Lindsay Beyerstein has collected what she calls Four Antidotes to Hitchens Hagiography.  I understand the anger at how so many members of the media have bent over backwards to sing his praises.  I acknowledge his jingoistic bent, his cruel streak, his drunkenness, and his misogyny.  Those character flaws do not make his brilliant prose any less correct when it is correct.  For that matter, the brilliance of his prose doesn’t make his invalid arguments any more valid.  We should look at each claim according to its own merits.

I read Hitchens’ God is Not Great and thought it was a fantastic book.  In addition to his formidable pen, he is a wonderful speaker and debater.  I cannot defend all of his many faults, but I do have a statement on that.  I thought of this post I wrote last fall after P.Z. Myers had the gall to quote H.P. Lovecraft:

I saw this quote up at Pharyngula yesterday.

As for the Republicans — how can one regard seriously a frightened, greedy, nostalgic huddle of tradesmen and lucky idlers who shut their eyes to history and science, steel their emotions against decent human sympathy, cling to sordid and provincial ideals exalting sheer acquisitiveness and condoning artificial hardship for the non-materially-shrewd, dwell smugly and sentimentally in a distorted dream-cosmos of outmoded phrases and principles and attitudes based on the bygone agricultural-handicraft world, and revel in (consciously or unconsciously) mendacious assumptions (such as the notion that real liberty is synonymous with the single detail of unrestricted economic license or that a rational planning of resource-distribution would contravene some vague and mystical ‘American heritage’…) utterly contrary to fact and without the slightest foundation in human experience? Intellectually, the Republican idea deserves the tolerance and respect one gives to the dead.

It is a brilliant quote, I thought. According to one commenter, it was cited as August 1936, Letter to C.L. Moore, August 1936 quoted in “H.P. Lovecraft, a Life” by S.T. Joshi, p. 574.

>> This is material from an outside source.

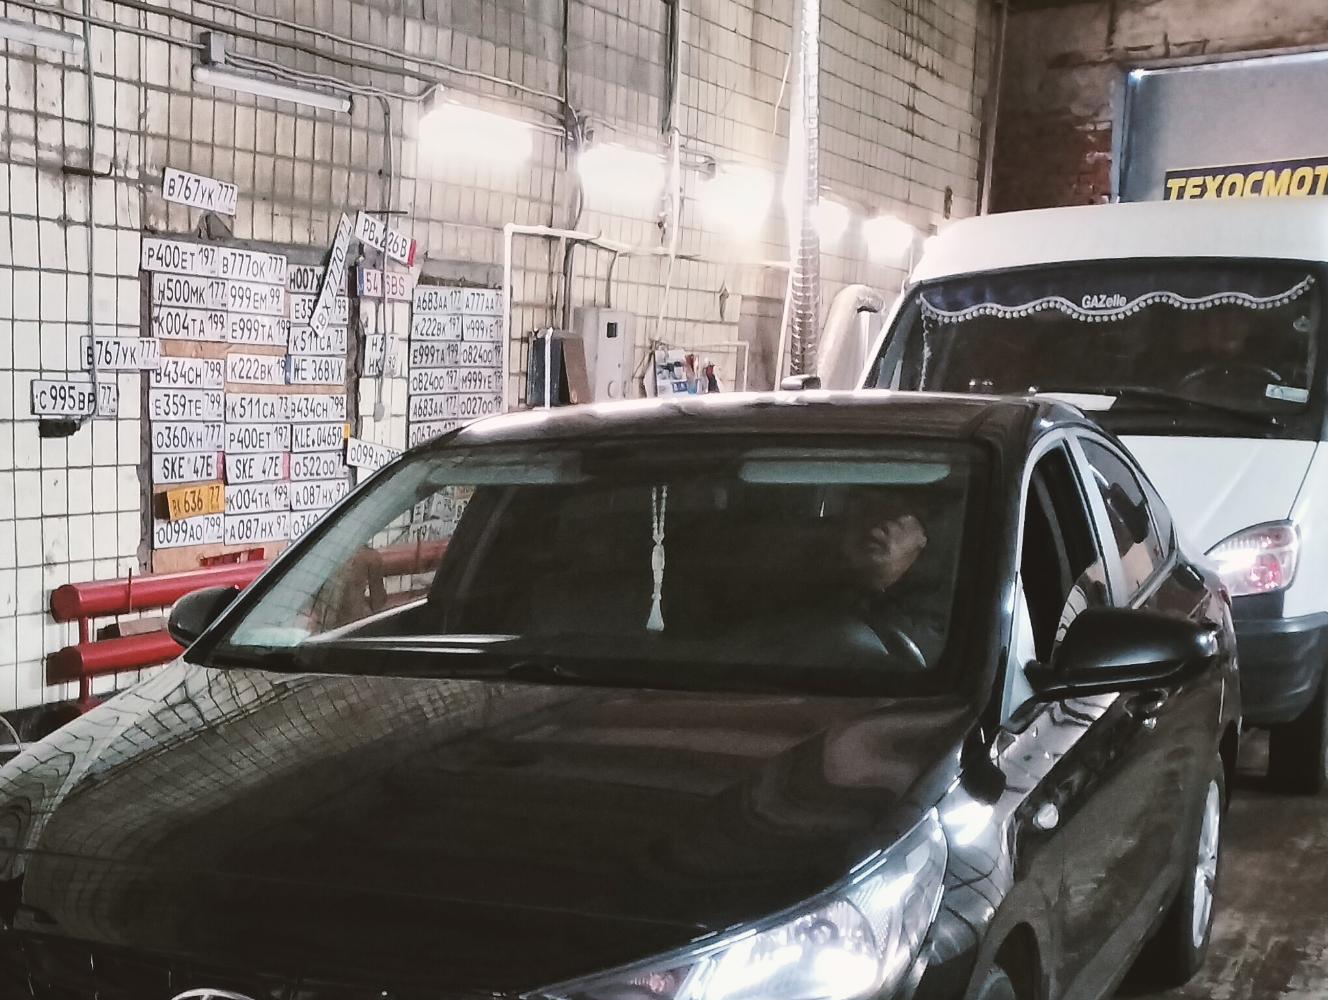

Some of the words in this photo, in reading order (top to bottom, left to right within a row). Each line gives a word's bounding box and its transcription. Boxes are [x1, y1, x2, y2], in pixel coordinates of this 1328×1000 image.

I was rather amazed at the vitriol spewed forth. Most of the comments seemed to be absorbed in the fact that H.P. Lovecraft was a racist bigot. Should we, then, eradicate the works of Nobel Laureate and DNA co-discoverer James Watson? He’s a racist, sexist asshole. Certainly, then, his ideas on genetics are rendered invalid. Mel Gibson is an antisemitic drunk, therefore anyone who watches the movie Gallipoli is an antisemitic drunk. The Pythagoreans were a mystical cult, so no rationalist should accept that the square of the hypotenuse of a right triangle is equal to the sum of the squares of the other two sides.

I suppose my point is that if one agrees with Mr. Lovecraft’s assessment of the Republican Party’s basic tenets, then he should feel free to avail himself of the eloquent quote. There are a number of reasonable quotes on statecraft to be found in the writings of some of the most despicable characters in history. To the dirty hippies that are bitching about Myers’ use of the quote, do you really think every person you dislike is always wrong?

All that was said there goes as well for the writings of the late, great Christopher Hitchens.